En el umbral de la puerta apareció una mujer muy bonita, de ojos pequeños y rasgos asiáticos, el cabello negro recogido en un rodete desprolijo. Debía de tener la edad de Fernando, quizá un poco más.

Saludó a Rubén con la mano.

-          Hola. – sonrió ella. Se acercó, extendiendo una mano empolvada de harina. – Oh, lo siento. – se limpió la palma con la otra mano. No quedó mucho más limpia. Sonrió otra vez, con lo que se le hicieron arruguitas alrededor de los ojos. – Soy Sophia.

-          Hola. – Rubén se la estrechó, intentando incorporarse, pero el dolor le quemó por dentro. Se le llenaron los ojos de lágrimas. Tuvo que reprimir un aullido.

-          Oh, no, por favor, no te molestes. – le pidió Sophia, indicándole que se recueste. – Yo... solo quería decir que... - suspiró. – Fernando es incapaz de lastimar a alguien. No estés enojado con él, por favor. Solo hizo lo que... pudo. Sé cómo es él. Lo conozco... muy bien. Y de verdad, él nunca querría que algo así pasara. Por favor, no te enfades con él.

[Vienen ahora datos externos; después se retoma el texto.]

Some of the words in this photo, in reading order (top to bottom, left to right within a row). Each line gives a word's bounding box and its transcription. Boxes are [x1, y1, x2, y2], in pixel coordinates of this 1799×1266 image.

-          Oh, no, no estoy enojado. – se explicó Rubén. – Fernando es un amigo, sé que jamás haría algo así si no fuese necesario.

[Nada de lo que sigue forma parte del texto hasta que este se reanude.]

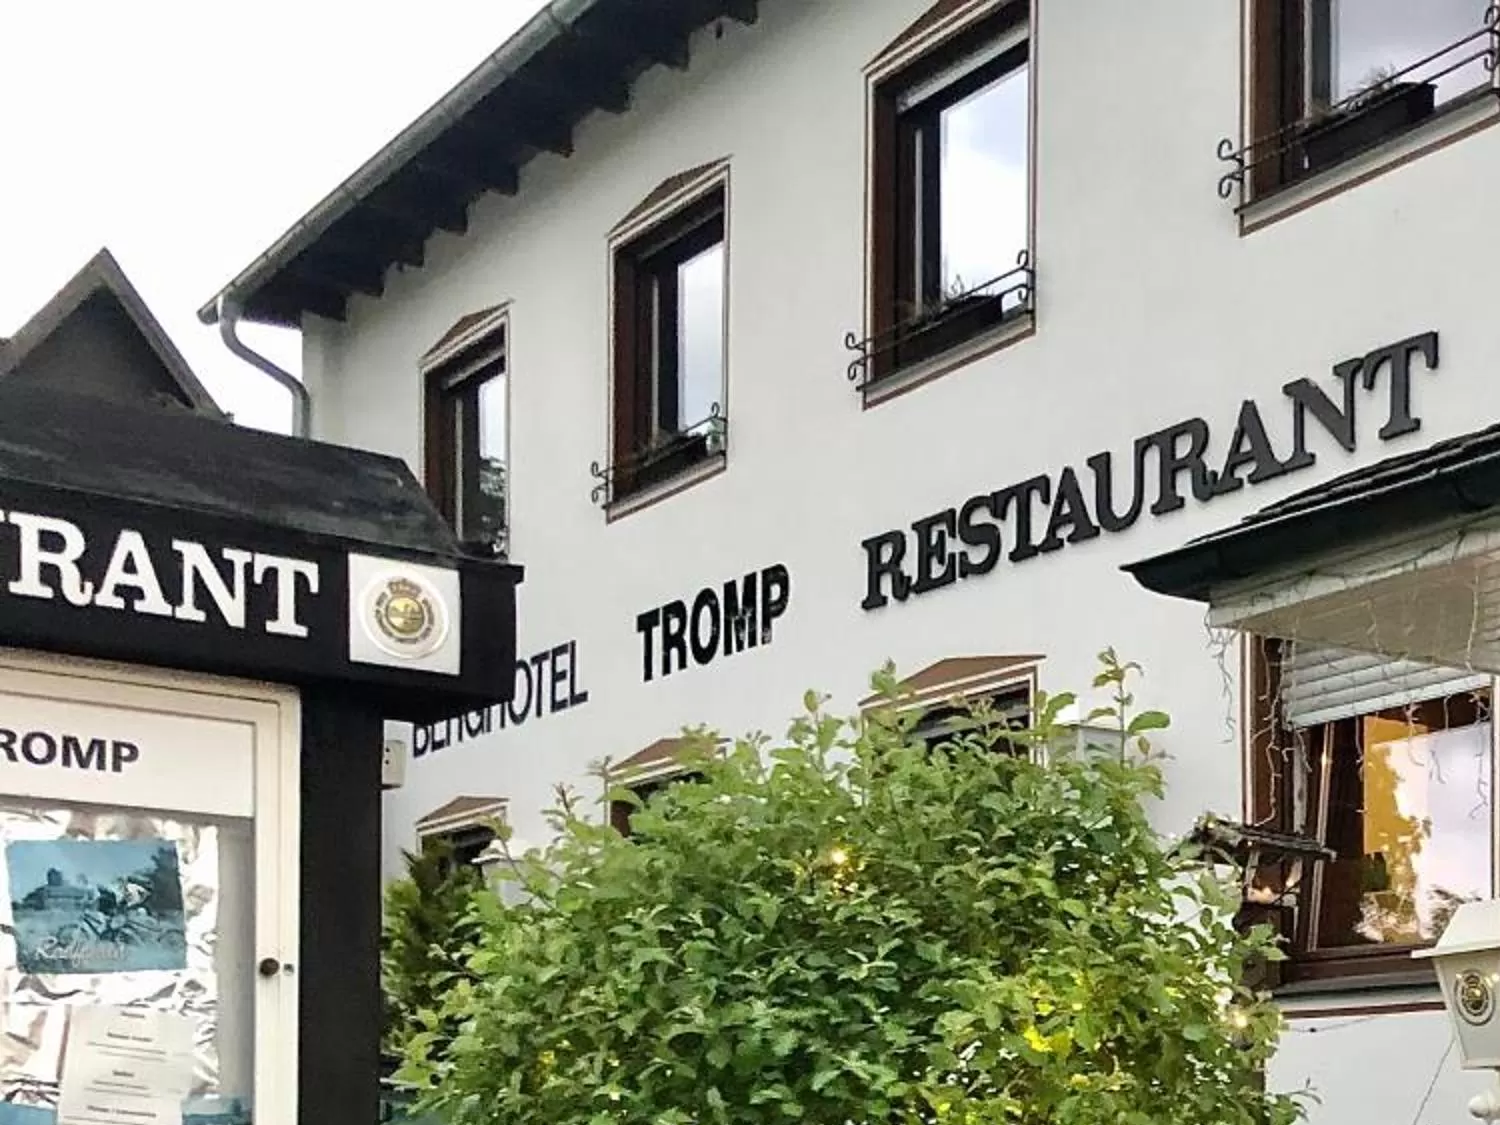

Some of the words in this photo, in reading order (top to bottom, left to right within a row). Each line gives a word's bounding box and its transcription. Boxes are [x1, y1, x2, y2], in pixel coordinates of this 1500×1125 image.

Red lo miró. Abrió la boca para decir algo, pero, otra vez, le interrumpieron.

-          ¡Linda! – gritó Fernando desde la cocina. - ¿Se supone que tiene que tener estas burbujas de aquí, esta cosa?

-          No. – contestó ella, poniendo los ojos en blanco. Se levantó y desapareció por la puerta.

Rubén apoyó la cabeza en la almohada, mirando el techo. No quería hablar de ello aún. Se rehusaba a hacerlo. Prefería que lo molieran a golpes otra vez. Prefería volver a desmayarse. ¿Por qué no se podía desmayar voluntariamente? Estaba por golpearse la cabeza con algo cuando Red soltó un comentario.

-          ¿No vas a preguntarme nada?

Rubius suspiró. Le dolió. No lo demostró.

-          ¿Qué quieres que te pregunte? – parecía que aquella charla no podía evitarse.

-          No lo sé. Algo.

-          Bien, pues, - de cualquier forma, ya le estaba picando la curiosidad. - ¿qué hacías en el callejón anoche?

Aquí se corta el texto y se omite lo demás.